◆ **Supplied data**:
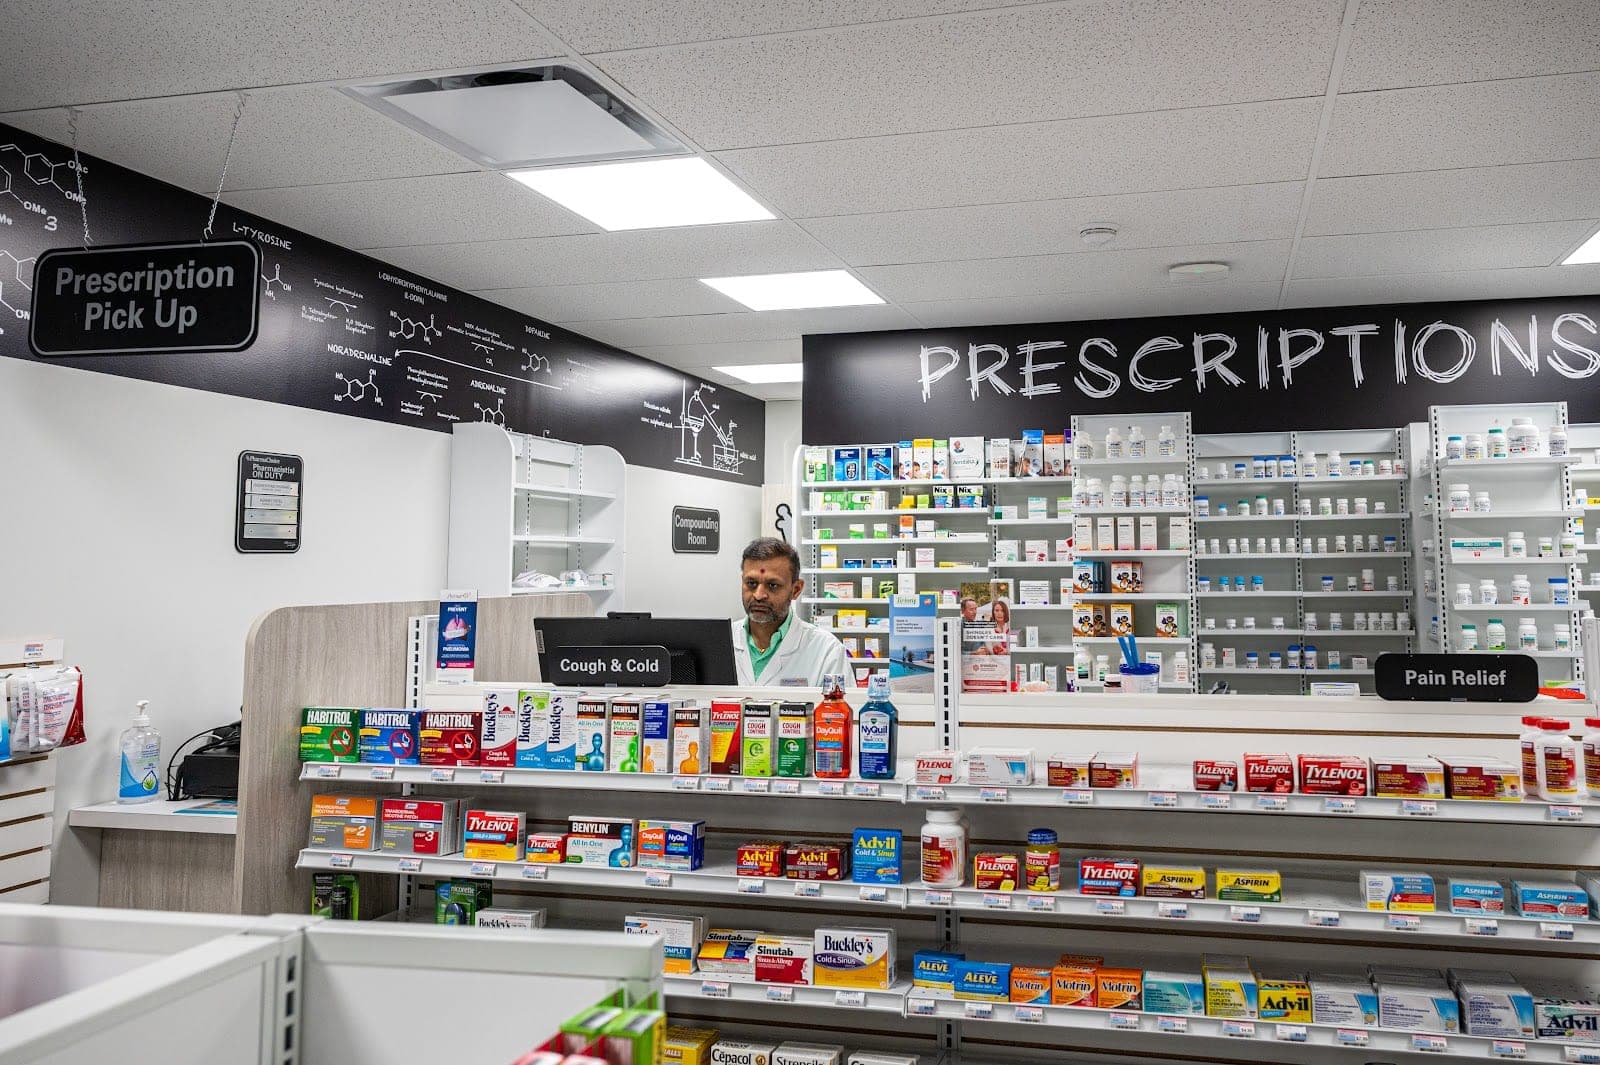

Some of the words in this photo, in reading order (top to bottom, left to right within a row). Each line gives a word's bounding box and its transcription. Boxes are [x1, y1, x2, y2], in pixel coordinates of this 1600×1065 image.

[23, 201, 47, 215] OMe
[44, 215, 57, 231] 3
[232, 222, 292, 250] L-TYROSINE
[55, 260, 235, 298] Prescription
[84, 300, 144, 331] Pick
[154, 298, 198, 334] Up
[327, 343, 392, 367] NORADRENALINE
[917, 312, 1600, 402] PRESCRIPTIONS
[252, 470, 263, 479] ON
[264, 472, 283, 480] DUTY
[675, 514, 719, 532] Compounding
[687, 531, 707, 545] Room
[560, 657, 606, 675] Cough
[610, 658, 622, 673] &
[626, 658, 659, 673] Cold
[1405, 669, 1446, 686] Pain
[1452, 669, 1507, 686] Relief
[578, 704, 604, 713] BENYLIN
[612, 705, 638, 713] BENYLIN
[307, 710, 353, 725] HABITROL
[364, 713, 411, 727] HABITROL
[426, 714, 474, 728] HABITROL
[483, 693, 499, 741] Buckley's
[518, 695, 534, 743] Buckley's
[548, 697, 564, 744] Buckley's
[675, 712, 698, 720] BENYLIN
[712, 711, 740, 720] TYLENOL
[816, 726, 843, 736] DayQuil
[861, 725, 888, 736] NyQuil
[916, 759, 953, 769] TYLENOL
[1197, 764, 1235, 776] TYLENOL
[1248, 763, 1291, 775] TYLENOL
[1305, 764, 1365, 780] TYLENOL
[468, 816, 514, 832] TYLENOL
[571, 822, 610, 835] BENYLIN
[356, 825, 366, 837] 2
[425, 830, 434, 842] 3
[642, 832, 664, 840] DayQuil
[530, 839, 558, 849] TYLENOL
[571, 839, 582, 847] All
[589, 840, 603, 848] One
[668, 834, 688, 842] NyQuil
[855, 836, 896, 849] Advil
[741, 850, 774, 862] Advil
[798, 852, 828, 862] Advil
[854, 848, 870, 856] Cold
[978, 860, 1015, 871] TYLENOL
[1082, 865, 1136, 880] TYLENOL
[1159, 875, 1194, 884] ASPIRIN
[1233, 877, 1270, 886] ASPIRIN
[451, 886, 474, 894] nicorette
[1463, 887, 1494, 895] ASPIRIN
[1536, 892, 1568, 900] ASPIRIN
[707, 933, 743, 941] Sinutab
[757, 945, 794, 956] Sinutab
[824, 935, 873, 955] Buckley's
[776, 957, 793, 966] Allergy
[816, 955, 832, 963] Cold
[838, 957, 856, 965] Sinus
[918, 960, 949, 972] ALEVE
[963, 972, 998, 984] ALEVE
[1014, 980, 1044, 990] Motrin
[1056, 978, 1091, 991] Motrin
[1102, 981, 1137, 993] Motrin
[1262, 996, 1310, 1011] Advil
[1547, 1015, 1598, 1030] Advil

◆ **Goal of the exercise**: Copy every line of the listing that includes the string "Motrin".

◆ **Task result**:
[1014, 980, 1044, 990] Motrin
[1056, 978, 1091, 991] Motrin
[1102, 981, 1137, 993] Motrin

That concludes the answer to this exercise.